The solution for the United States military would be the M14, but the developmental road to reach that rifle would span several years. At times, the ride was bumpy, and there were casualties along the way. U.S. Ordnance rejected Harvey Earle’s unique T25 automatic rifle (.30-06) and the British bullpup EM-2 (.280 British). By 1954, the competitive field had narrowed to just two rifles: the American T44E4 (the precursor to the M14) and the Belgian-designed FAL rifle (in the United States, it was tested as the T48). Both were chambered for the new 7.62mm NATO round, basically a shortened and refined version of the .30-06 round.
A Friendly Foe
Interest in the Belgian rifle was growing. During 1953, Canada became the first NATO partner to adopt the FAL. Also, that year the U.S. placed an order for 3,000 standard versions of the FAL, along with 200 heavy-barrel variants for testing with American troops. U.S. Ordnance also began to reconfigure the FAL rifle from metric to the U.S. inch-pattern standard. In 1954, the British began to test the FN rifle. By the end of the 1950s, the FAL (or one of its variants) would be used by NATO members Canada, Belgium, West Germany, the United Kingdom, Greece, Luxembourg, and the Netherlands.

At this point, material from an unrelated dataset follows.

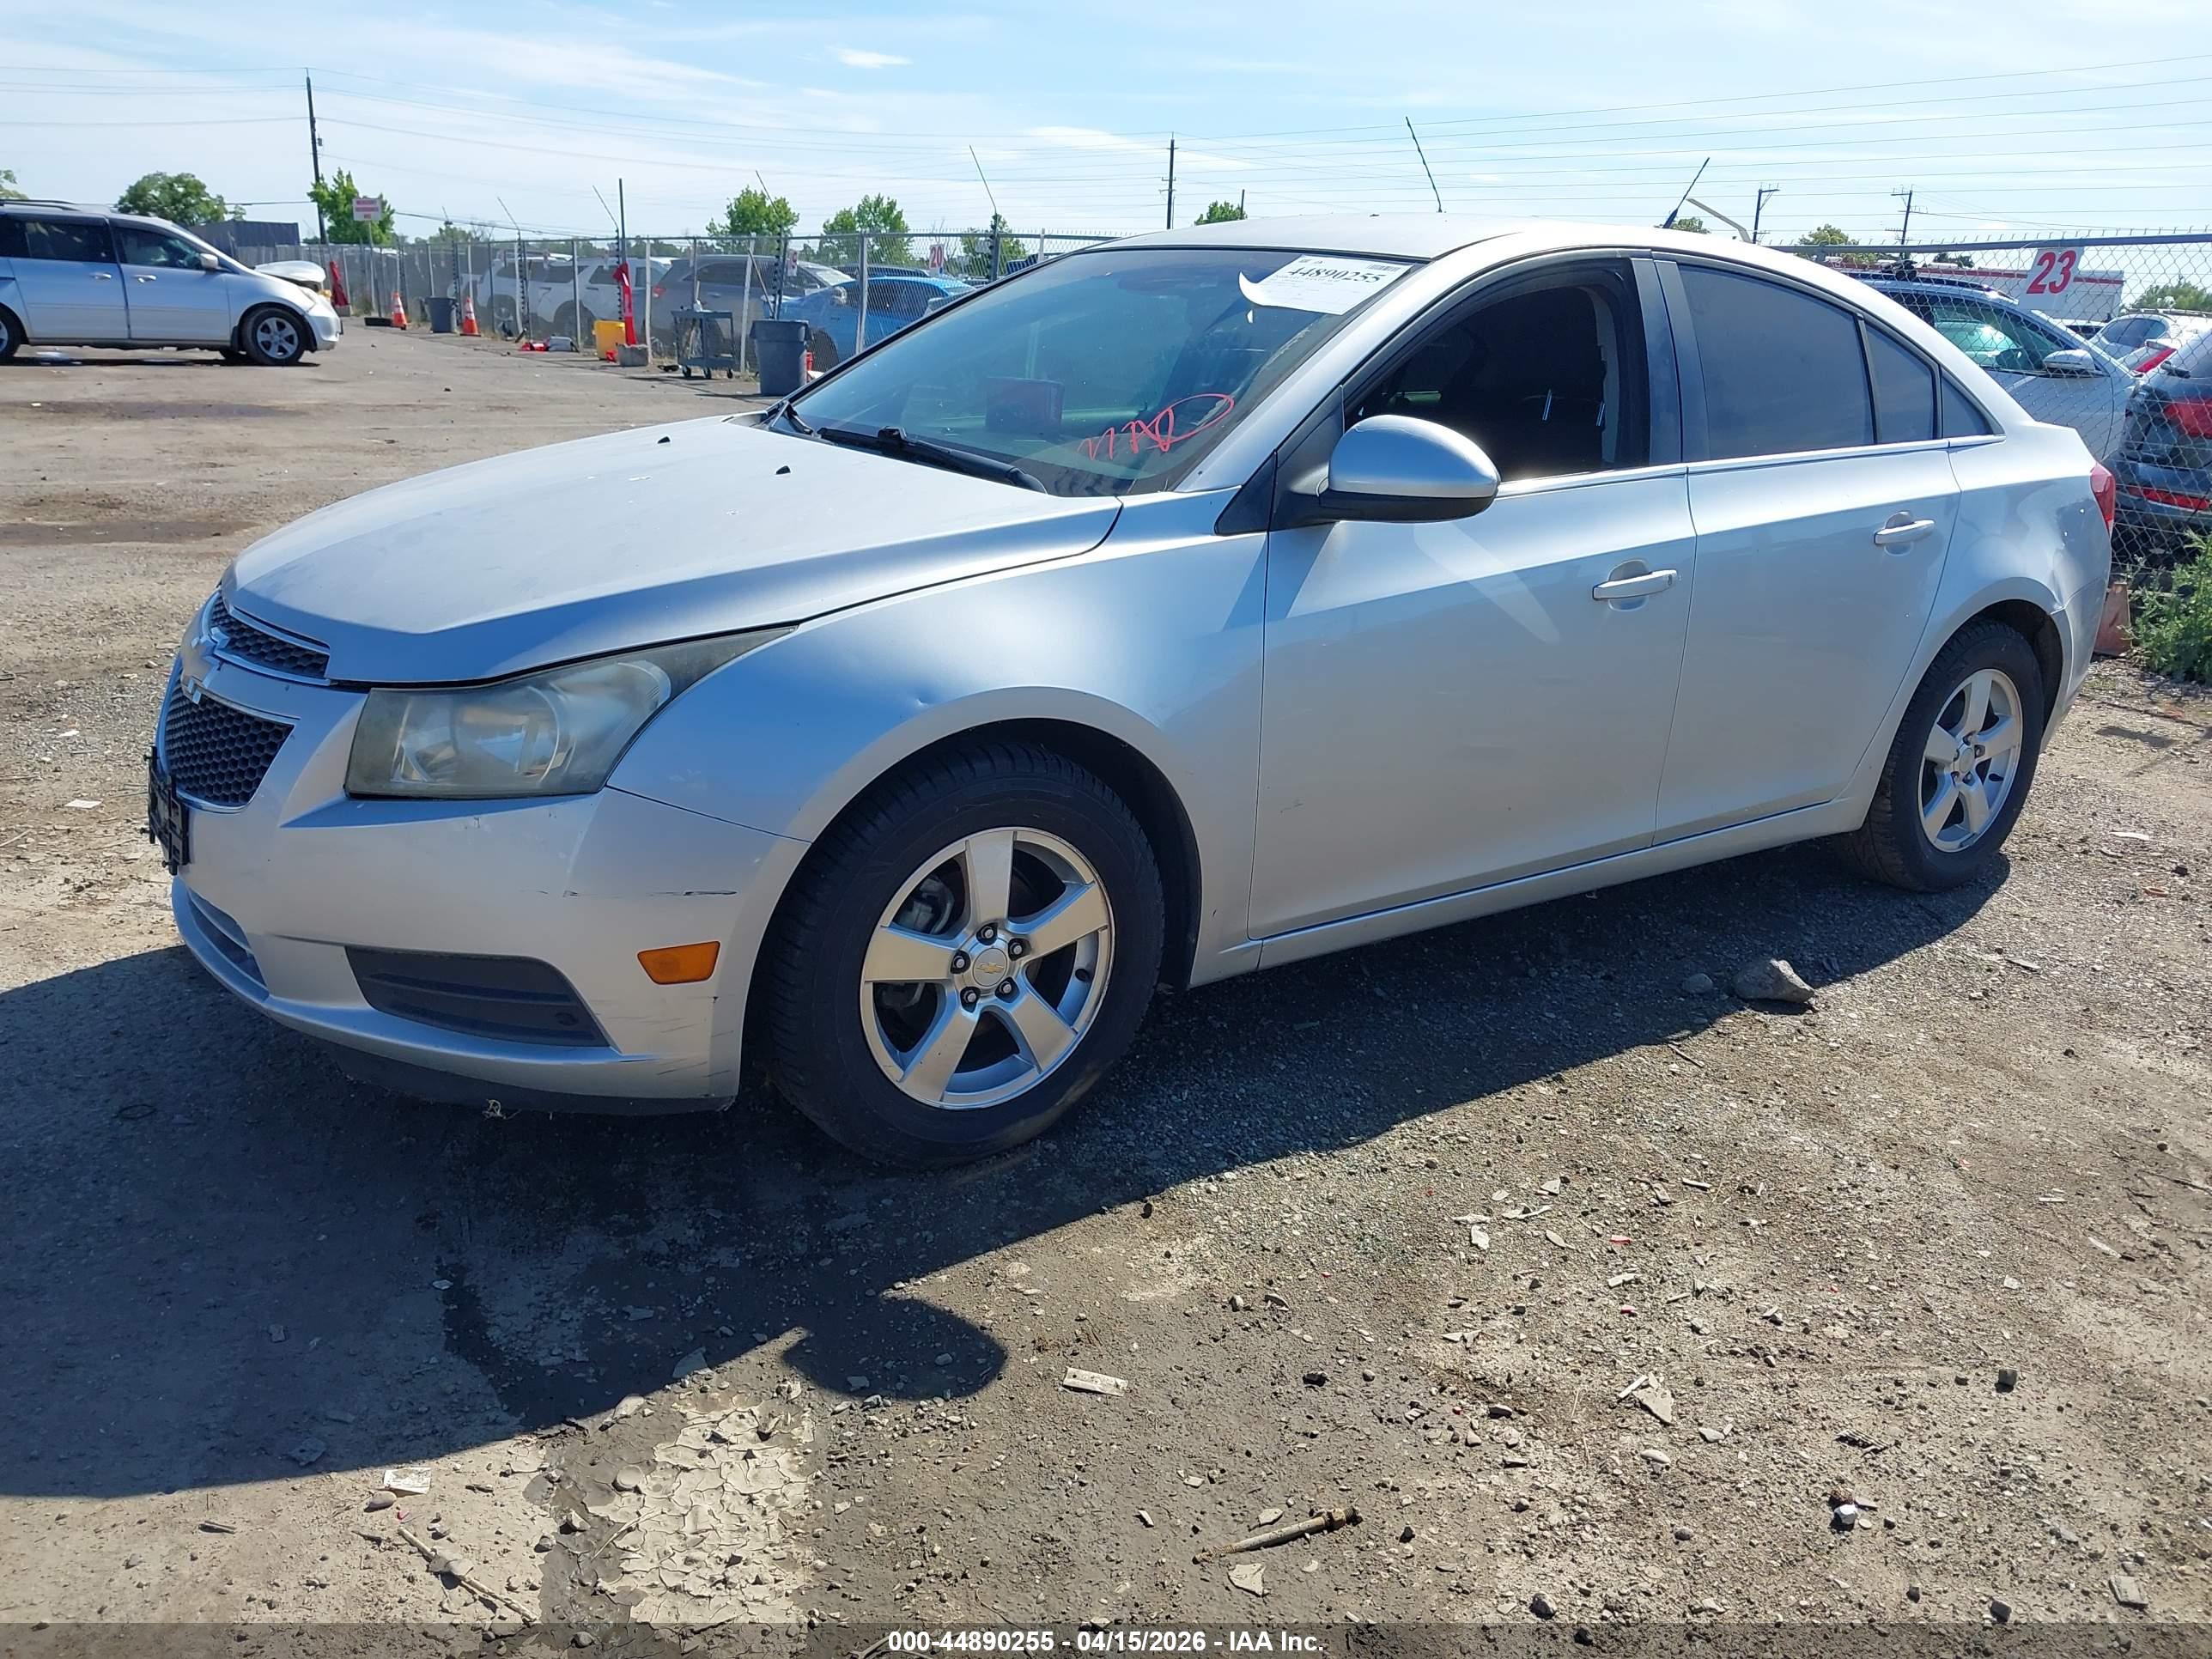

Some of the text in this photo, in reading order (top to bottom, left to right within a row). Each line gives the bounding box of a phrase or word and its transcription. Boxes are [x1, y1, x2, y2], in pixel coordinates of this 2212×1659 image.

[931, 246, 943, 268] 20
[1287, 266, 1387, 283] 44890255
[2027, 250, 2076, 294] 23

Strenuous competitive testing between the T44 and T48 were conducted from the arctic to Aberdeen Proving Ground to Fort Benning, Georgia. After initial teething problems with the T48 were addressed, further tests were conducted at Fort Benning and at the U.S. Marine Corps base at Quantico, Virginia. The Army’s tests at Fort Benning were extensive, but ultimately inconclusive. The U.S. Army deemed both rifles suitable for Army use but would not commit to one design over the other. The USMC tests were also extensive, and although closely matched, the Marines expressed a preference for the American-designed T44E4 rifle.
One of the greatest challenges of this competition had nothing to do with rifle designs. It was all about the politics of national origin. Several NATO nations were exerting diplomatic pressure on the U.S. government to adopt the Belgian-designed T48, in the hopes of creating some form of “NATO-standard” rifle. It has always been a difficult proposition to get the U.S. military to accept a weapon not originally designed in America. It has been done (as with the British Enfield rifle during the Civil War, the Norwegian Krag rifle in the late 19th Century, and the M1917 rifle in World War I) but in the 1950s, only a decade removed from World War II and the triumph of America’s Arsenal of Democracy, the idea of adopting a European design as the U.S. standard battle rifle was unlikely at best.

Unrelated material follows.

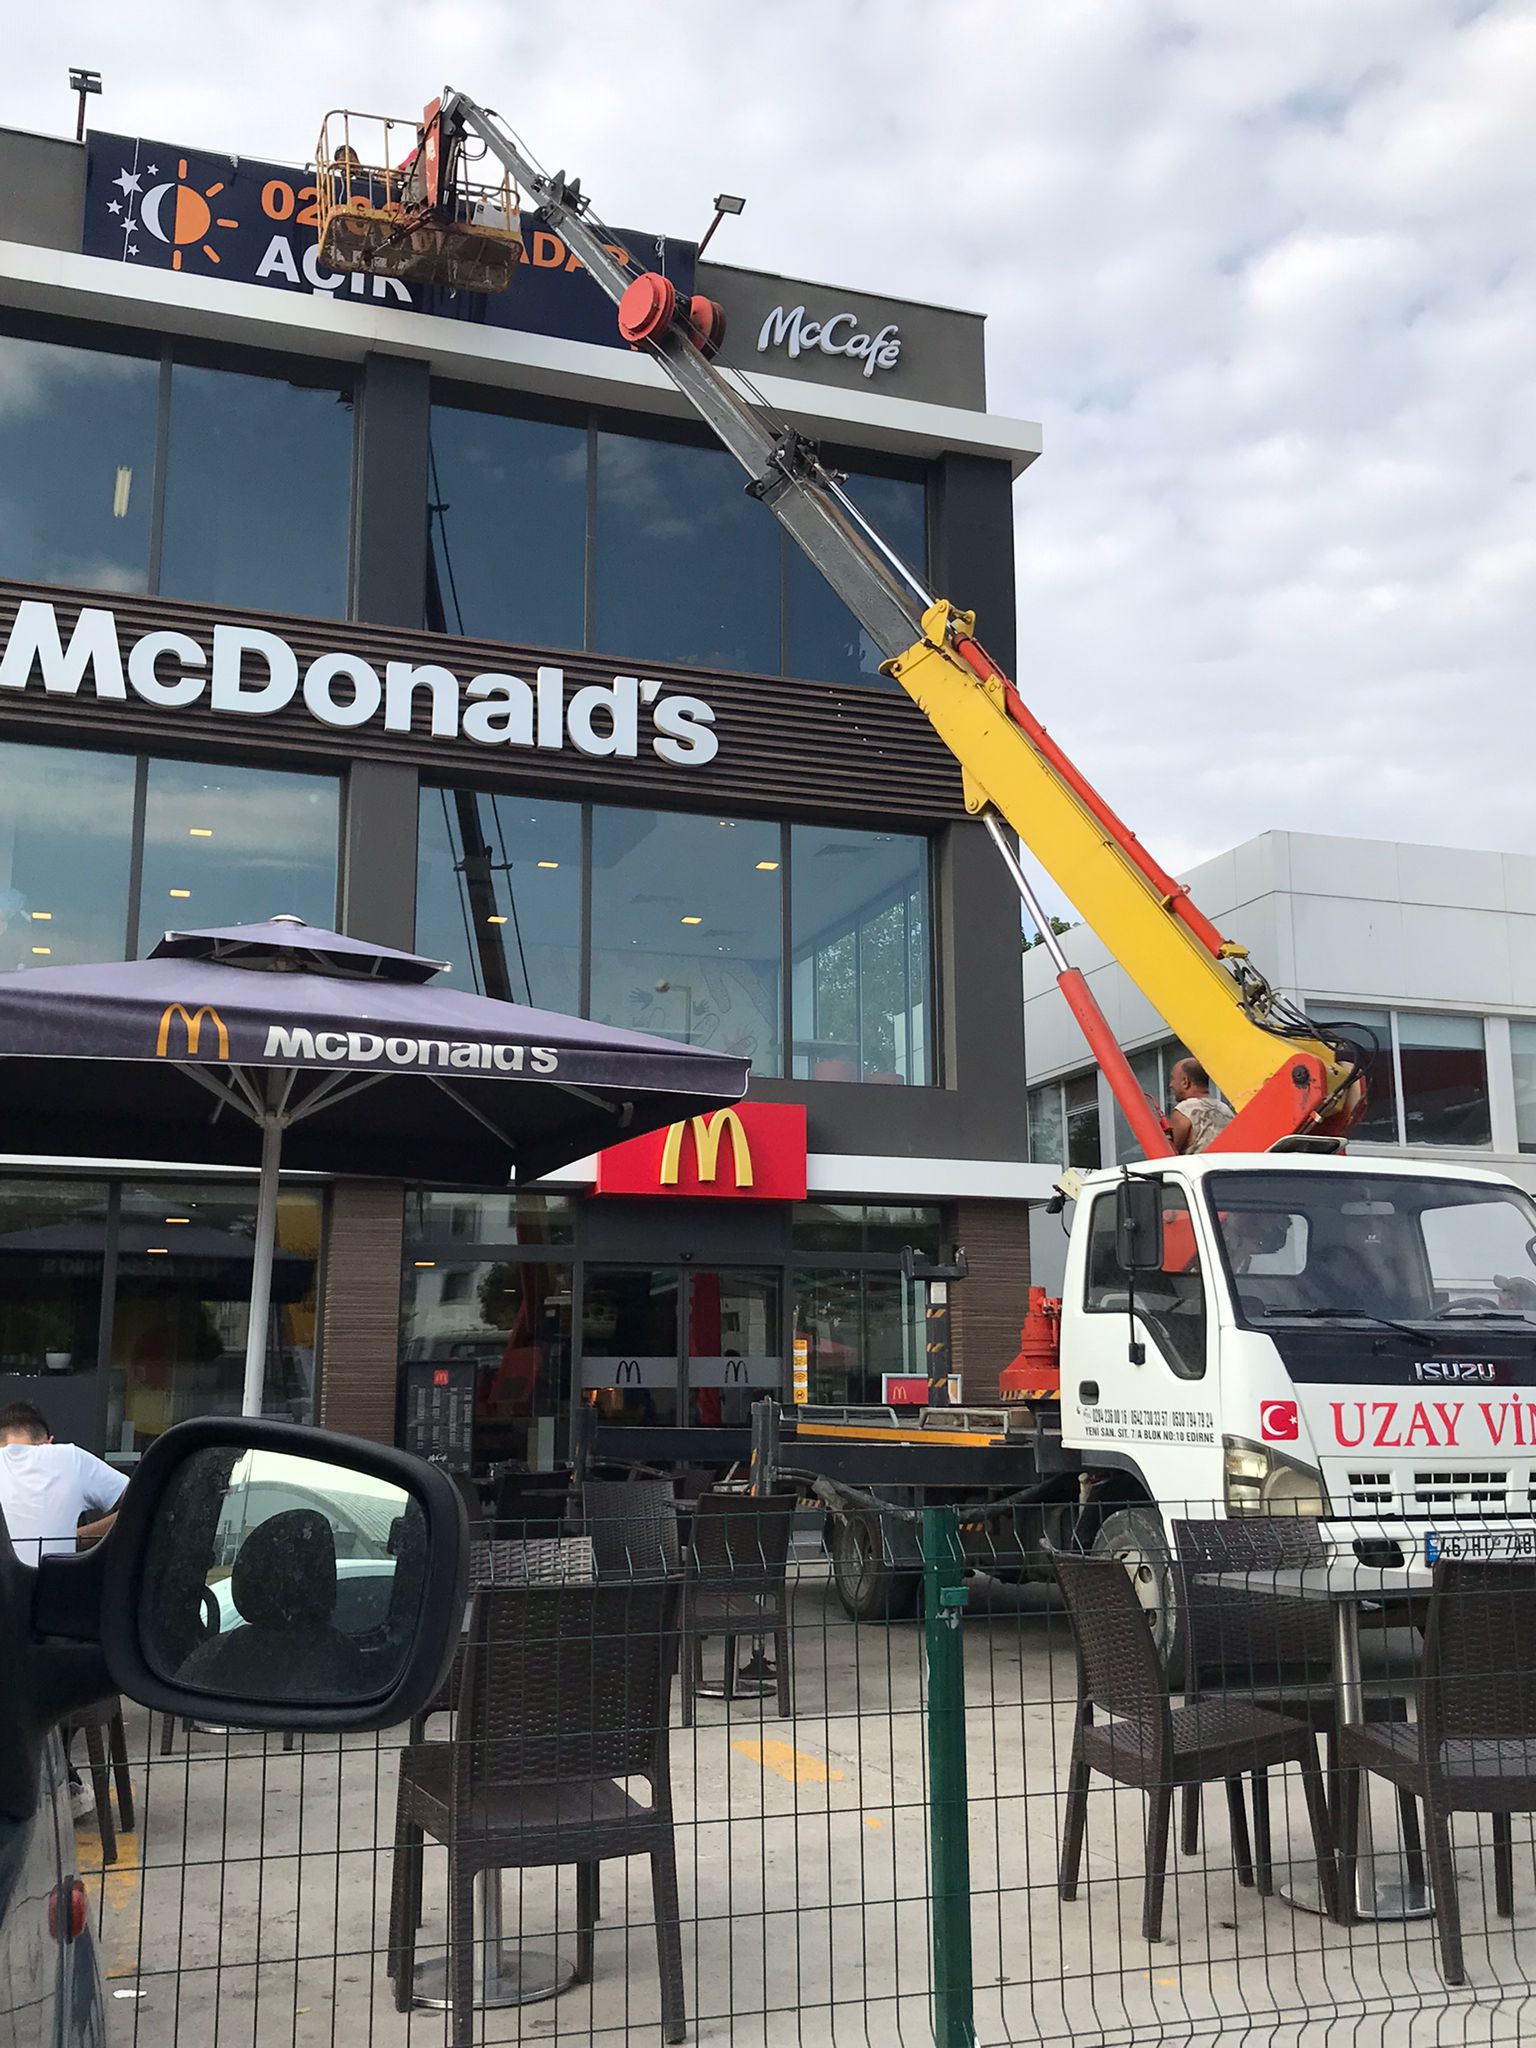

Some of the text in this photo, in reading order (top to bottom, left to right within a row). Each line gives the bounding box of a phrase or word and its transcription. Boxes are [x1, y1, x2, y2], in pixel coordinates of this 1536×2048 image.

The FAL was a capable rifle, and its Americanized T48 variant performed well enough. Ultimately, although it took about a year of deliberation, U.S. Ordnance announced that the T44E4/E5 would be adopted as the M14 and M15 rifles. Ordnance officials noted that the fledgling M14 was a pound lighter, used a single-port gas system, and overall contained fewer parts. Its connection to the capable M1 Garand, basically being a product-refined version of the classic rifle — adapted to fire a more compact yet practically equal cartridge to the .30-06, feed from a detachable box magazine, be select-fire and overall be lighter and smaller — no doubt helped put the M14 over the top in the competition.

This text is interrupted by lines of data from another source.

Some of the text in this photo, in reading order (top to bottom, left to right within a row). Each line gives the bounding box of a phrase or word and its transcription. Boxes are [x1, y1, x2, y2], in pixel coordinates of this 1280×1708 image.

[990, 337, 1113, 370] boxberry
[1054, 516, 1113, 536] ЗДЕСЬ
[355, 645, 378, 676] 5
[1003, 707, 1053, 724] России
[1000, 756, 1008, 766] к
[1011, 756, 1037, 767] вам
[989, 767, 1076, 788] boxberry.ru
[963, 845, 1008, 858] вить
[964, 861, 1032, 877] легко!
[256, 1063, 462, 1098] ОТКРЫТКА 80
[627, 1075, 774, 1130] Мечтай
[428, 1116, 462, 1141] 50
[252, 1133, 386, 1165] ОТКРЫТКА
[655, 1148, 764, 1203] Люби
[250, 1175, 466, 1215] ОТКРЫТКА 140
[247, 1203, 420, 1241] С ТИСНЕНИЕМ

And while the M14 would enjoy a relatively short period as America’s primary battle rifle, it still remains in U.S. service: Elements of the U.S. Special Operations Command use the Mk14 Enhanced Battle Rifle (the EBR) as a designated marksman rifle, and in Afghanistan the U.S. Army assigns two M14 EBR-RI rifles per infantry platoon. This is a testament to the enduring strength of the M14 design.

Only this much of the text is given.